Now the only thing left to do is call processStripeToken. So that’s an action that we’ll put in checkout. And what we’ll do in this action is we’ll call out to the server. We’re going to do that with the ajax service. The ajax service will go ahead and inject it, but to be able to inject it we have to install the ember ajax addon. Alright, so we’ll call request from the ajax service, and the first argument is going to be a string which is the url. And we’ll be sending it to the purchase route, but to make sure we send it to the right place, we have to specify the host. So we’ll get that from the environment, and we’ll import the environment from /config/environment.

The next argument will be an array, and this array it can take many things, but the two we’ll be dealing with are method and data. So the method here will be POST. Other available ones are get, that’s the default, put, delete, that sort of thing. And then the data will also be an array. Now this data we’ll be getting from the first argument to processStripeToken which will be a hash, and then because of the hash destructuring in ES6, we can just specify what we want from the hash. And here we’ll want the card, the email, and the id. Then the data that we want to send up is also the card, the email, and the id. And the reason we can type it like this instead of the more traditional version of this is because of another ES6 feature, this one called enhanced object literals. Then your server does its thing and you can call .then and .catche, and do whatever you want to do there. This is mostly left as an exercise up to the reader, but I would recommend doing an isProcessingStripe variable that you can turn to true or false. That’ll make it show a spinner or something like that.

And of course you can’t forget to do stuff on the server. That’s very important that you do stuff on the server. There are good libraries available for Ruby, Python, PHP, Java, Node, and Go, built by the Stripe team, and I’m sure that there are ways to do it in other languages as well. They’re just not quite as convenient.

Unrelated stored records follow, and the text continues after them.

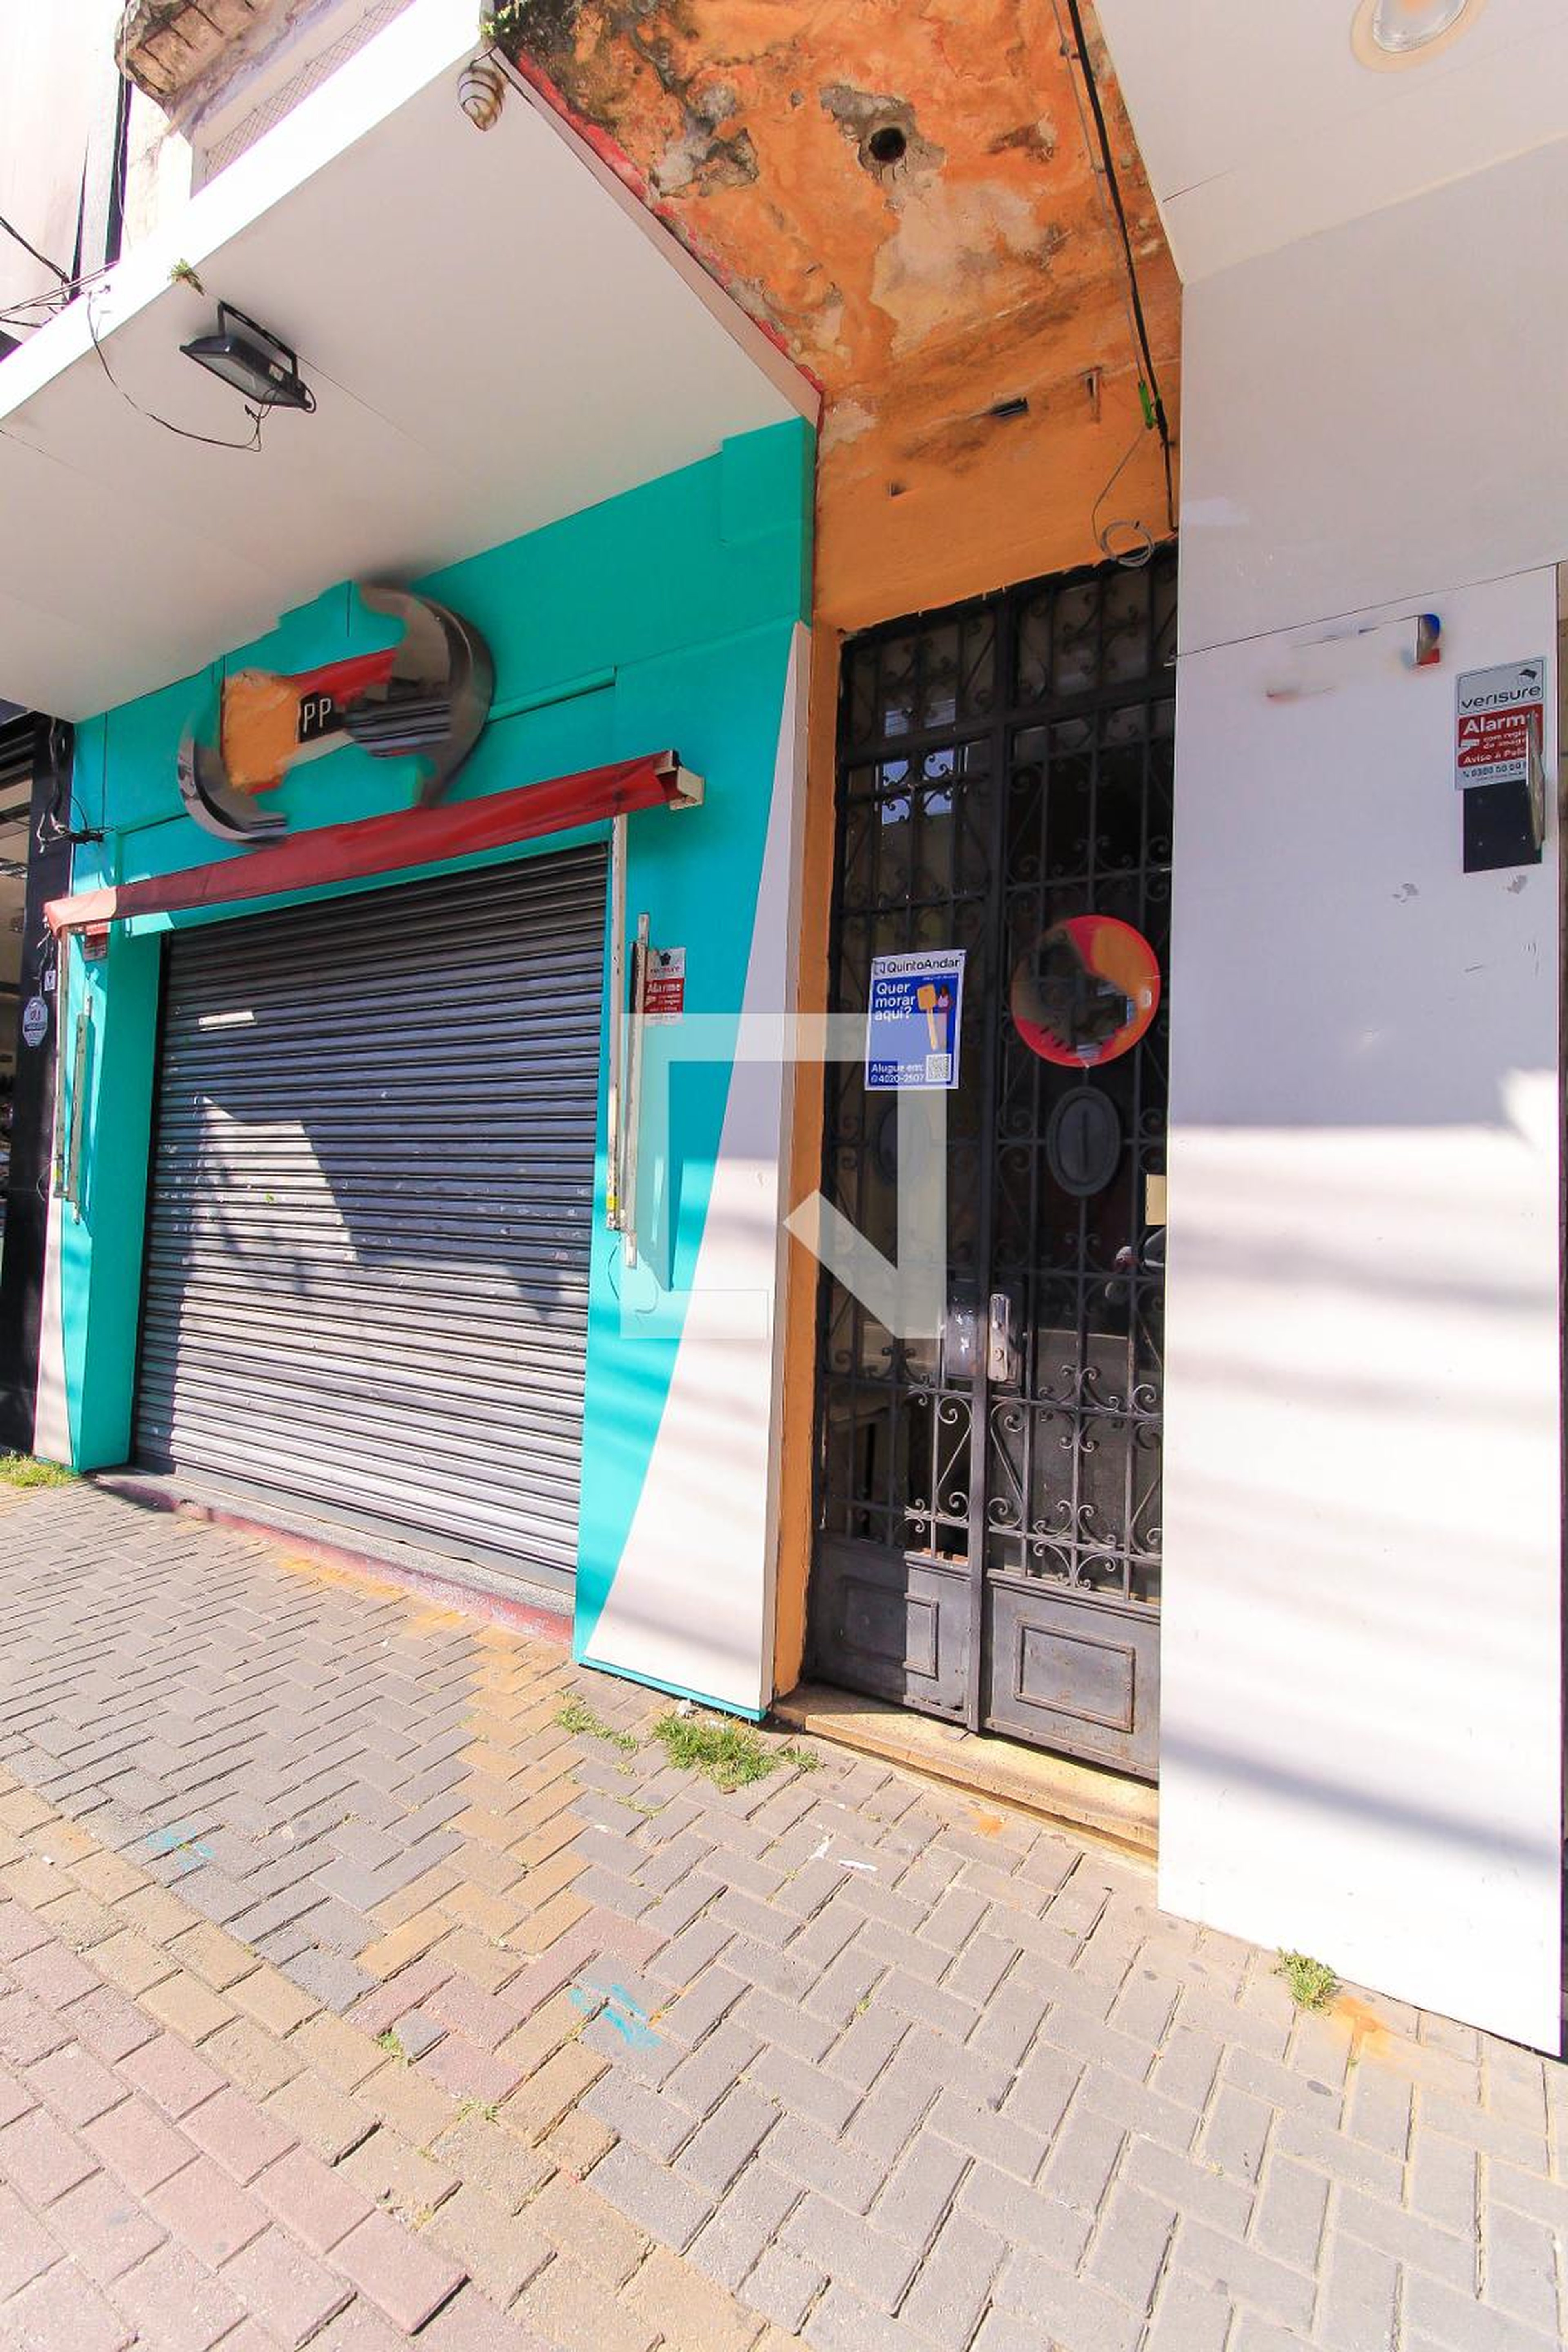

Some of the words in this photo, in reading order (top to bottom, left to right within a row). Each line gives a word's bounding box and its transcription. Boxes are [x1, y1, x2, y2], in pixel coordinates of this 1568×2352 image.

[1461, 686, 1541, 709] verisure
[1463, 754, 1492, 765] Aviso
[887, 958, 960, 973] QuintoAndar
[877, 982, 911, 995] Quer
[875, 995, 915, 1008] morar
[875, 1006, 912, 1022] aqui?

I do want to make another point before we go. That’s that when you’re sending stuff off to the server, what you’re sending is not the actual card. This is some information we’ve gotten from the card, but it’s just returning a token. The credit card number is never ever sent to your server. That gets you out of a lot of security and regulatory problems.

And that is how we add a payment button to our checkout page. I hope that’s helpful to you, and that you’ll be able to start making money on your site soon. In the next episode, we’ll be going over how to add multiple instances of one type of item to our cart. I’ll see you then.